One of the first tasks necessary in any text analysis projects is tokenization—we take our text as a whole and convert it to a list of smaller units, or tokens. When dealing with Latin—or at least digitized version of modern editions, like those found in the Perseus Digital Library, the Latin Library, etc.—paragraph- and sentence-level tokenization present little problem. Paragraphs are usually well marked and can be split by newlines (</n>). Sentences in modern Latin editions use the same punctuation set as English (i.e., ‘.’, ‘?’, and ‘!’), so most sentence-level tokenization can be done more or less successfully with the built-in tools found in the Natural Language Toolkit (NLTK), e.g. nltk.word_tokenize. But just as in English, Latin word tokenization offers small, specific issues that are not addressed by NLTK. The classic case in English is the negative contraction—how do we want to handle, for example, “didn’t”: [“didn’t”] or [“did”, “n’t”] or [“did”, “not”]?

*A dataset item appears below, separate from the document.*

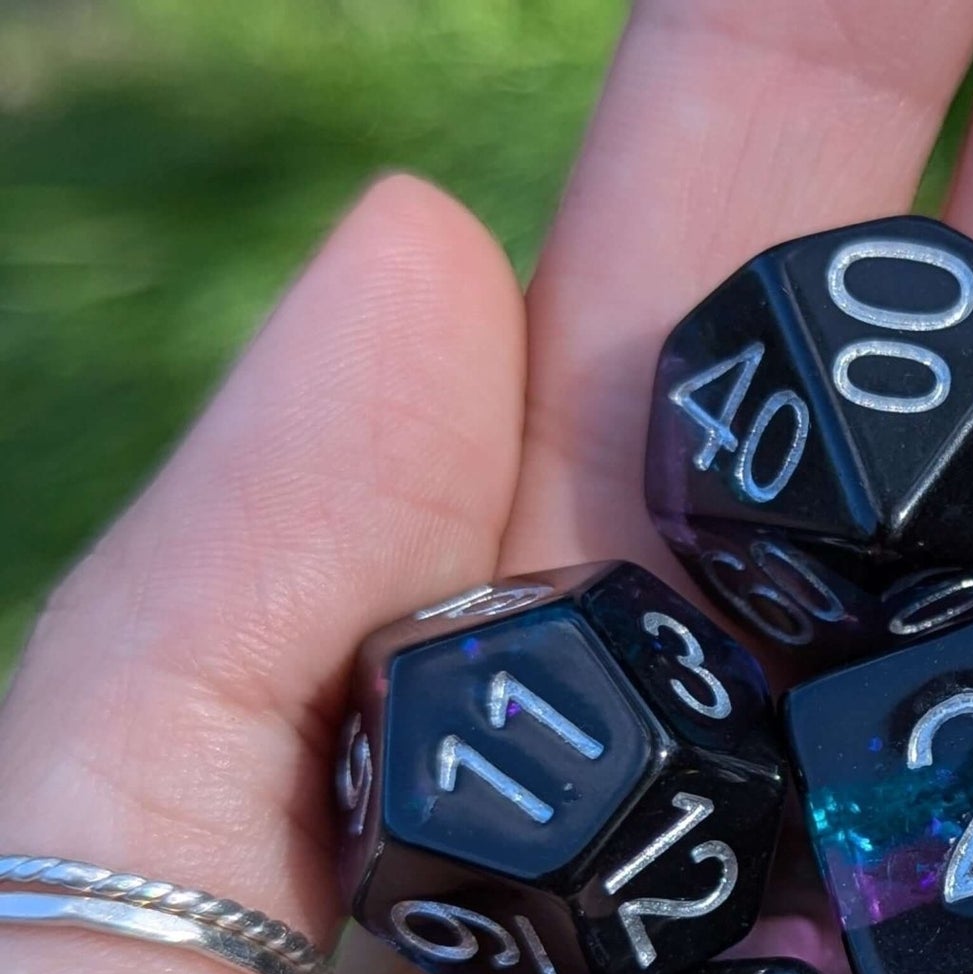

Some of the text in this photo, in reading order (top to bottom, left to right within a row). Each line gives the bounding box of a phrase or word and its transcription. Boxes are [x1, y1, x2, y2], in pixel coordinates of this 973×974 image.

There are four important cases in which Latin word tokenization demands special attention: the enclictics “-que”, “-ue/-ve”, and “-ne” and the postpositive use of “-cum” with the personal pronouns (e.g. nobiscum for *cum nobis). The Classical Language Toolkit now takes these cases into consideration when doing Latin word tokenization. Below is a brief how-to on using the CLTK to tokenize your Latin texts by word. [The tutorial assumes the following requirements: Python3, NLTK3, CLTK.]

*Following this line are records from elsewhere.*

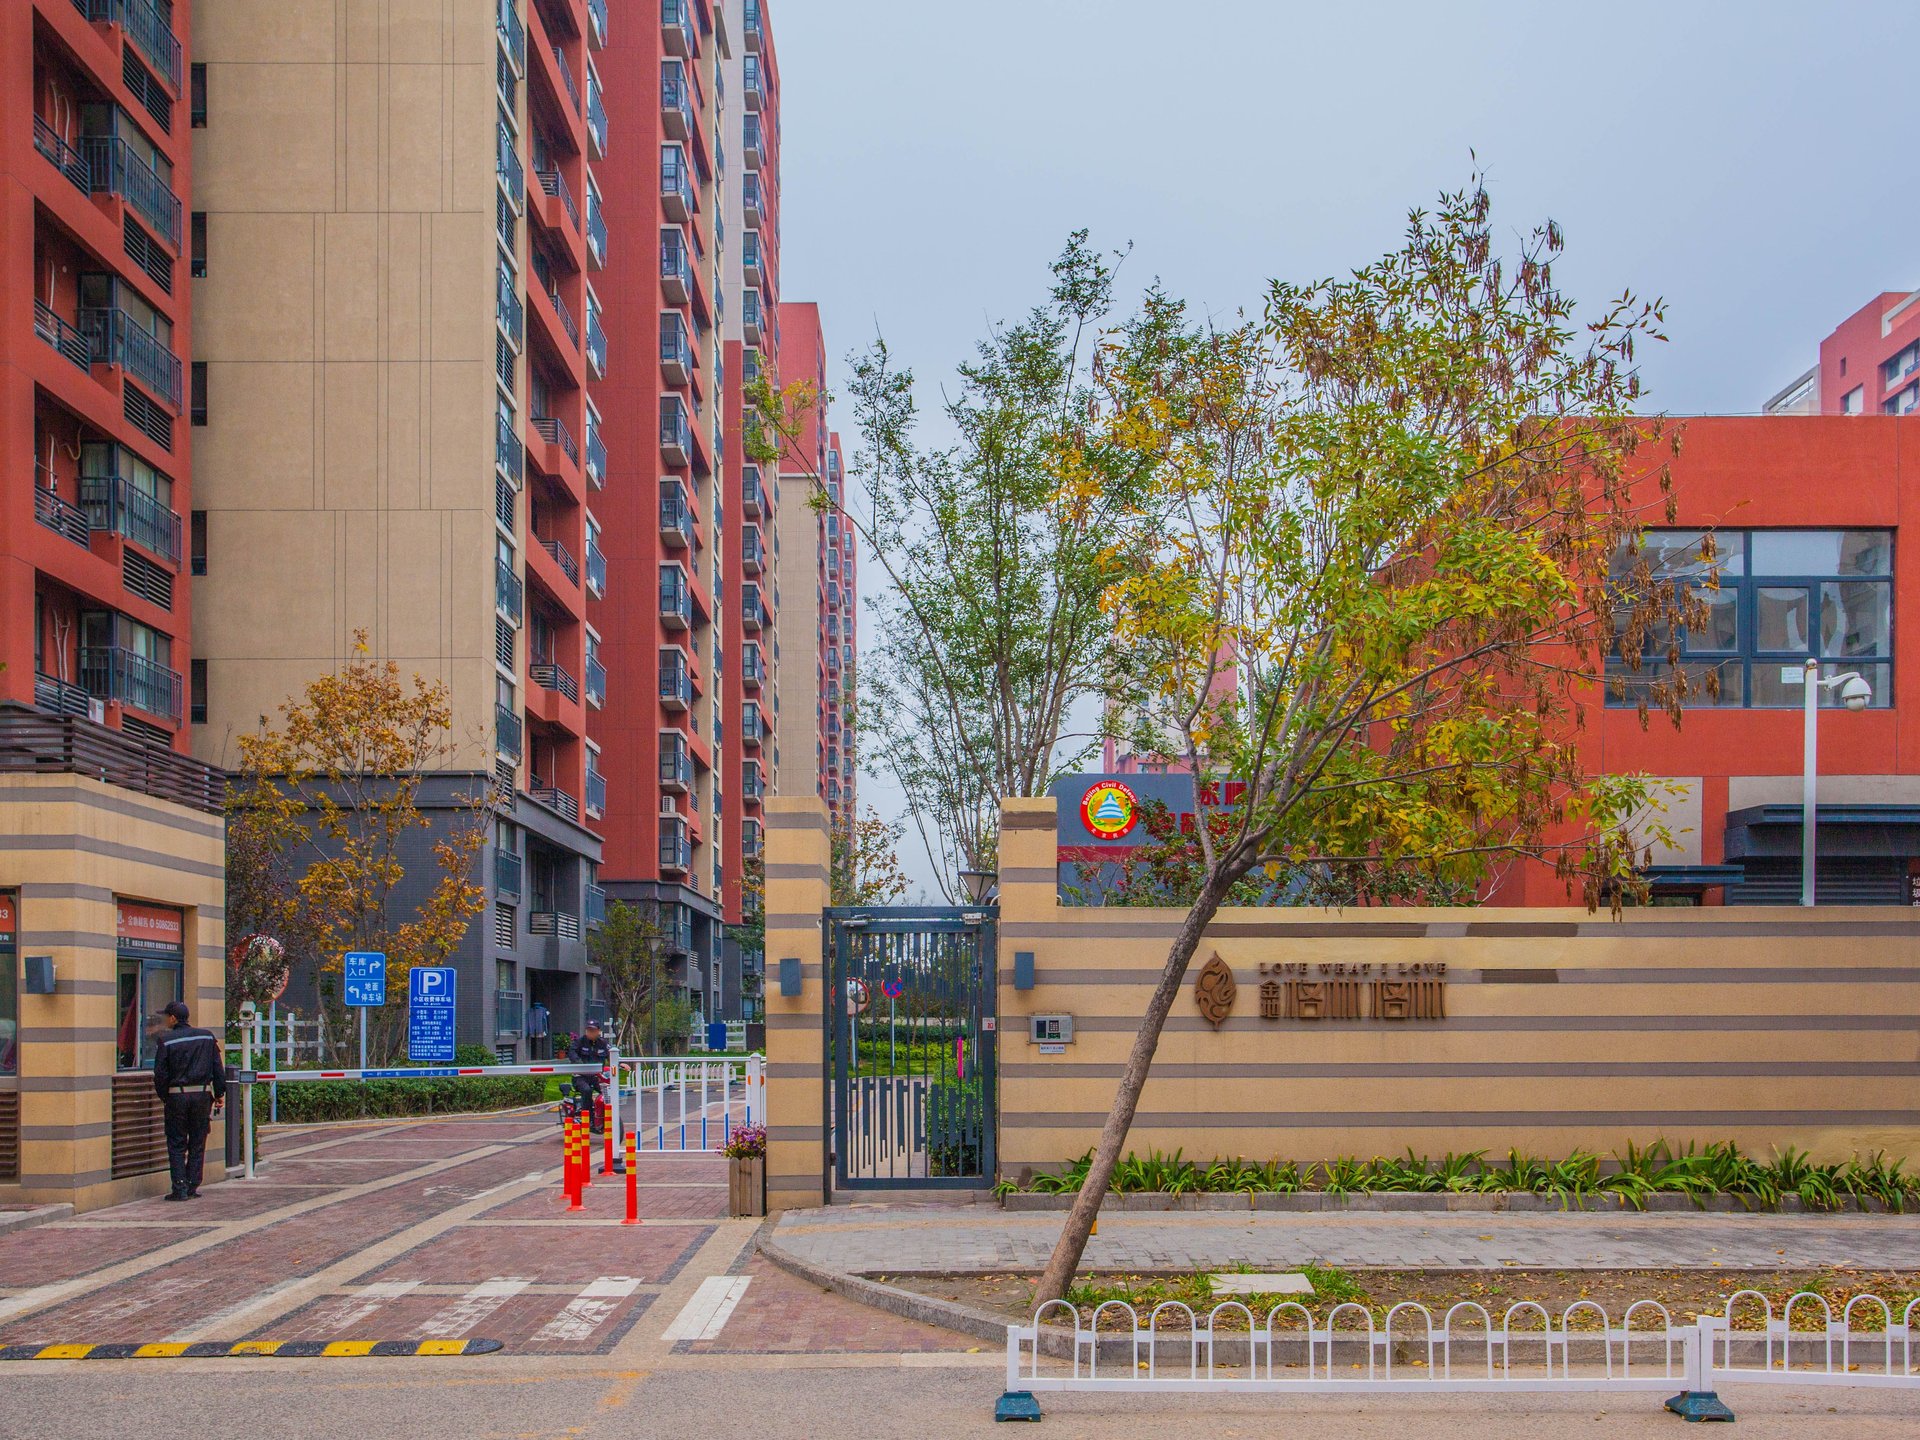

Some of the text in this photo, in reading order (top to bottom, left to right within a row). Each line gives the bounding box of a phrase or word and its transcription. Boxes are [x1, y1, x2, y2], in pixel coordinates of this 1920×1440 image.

[1082, 787, 1100, 805] Beijing
[0, 909, 8, 919] 3
[348, 957, 366, 966] 车库
[348, 967, 366, 977] 入口
[1259, 962, 1447, 975] LOVE WHAT I LOVE
[364, 982, 379, 991] 地面
[423, 972, 442, 994] P
[361, 993, 382, 1003] 停车场

Tokenizing Latin Text with CLTK

We could simply use Python to split our texts into a list of tokens. (And sometimes this will be enough!) So…

text = "Arma virumque cano, Troiae qui primus ab oris"
text.split()

>>> ['Arma', 'virumque', 'cano,', 'Troiae', 'qui', 'primus', 'ab', 'oris']

A good start, but we’ve lost information, namely the comma between cano and Troiae. This might be ok, but let’s use NLTK’s tokenizer to hold on to the punctuation.

import nltk

nltk.word_tokenize(text)

>>> ['Arma', 'virumque', 'cano', ',', 'Troiae', 'qui', 'primus', 'ab', 'oris']

Using word_tokenize, we retain the punctuation. But otherwise we have more or less the same division of words.

But for someone working with Latin that second token is an issue. Do we really want virumque? Or are we looking for virum and the enclitic –que? In many cases, it will be there latter. Let’s use CLTK to handle this. (***UPDATED 3.19.16***)

from cltk.tokenize.word import WordTokenizer

word_tokenizer = WordTokenizer('latin')
word_tokenizer.tokenize(text)

>>> ['Arma', 'que', 'virum', 'cano', ',', 'Troiae', 'qui', 'primus', 'ab', 'oris']

 

Using the CLTK WordTokenizer for Latin we retain the punctuation and split the special case more usefully.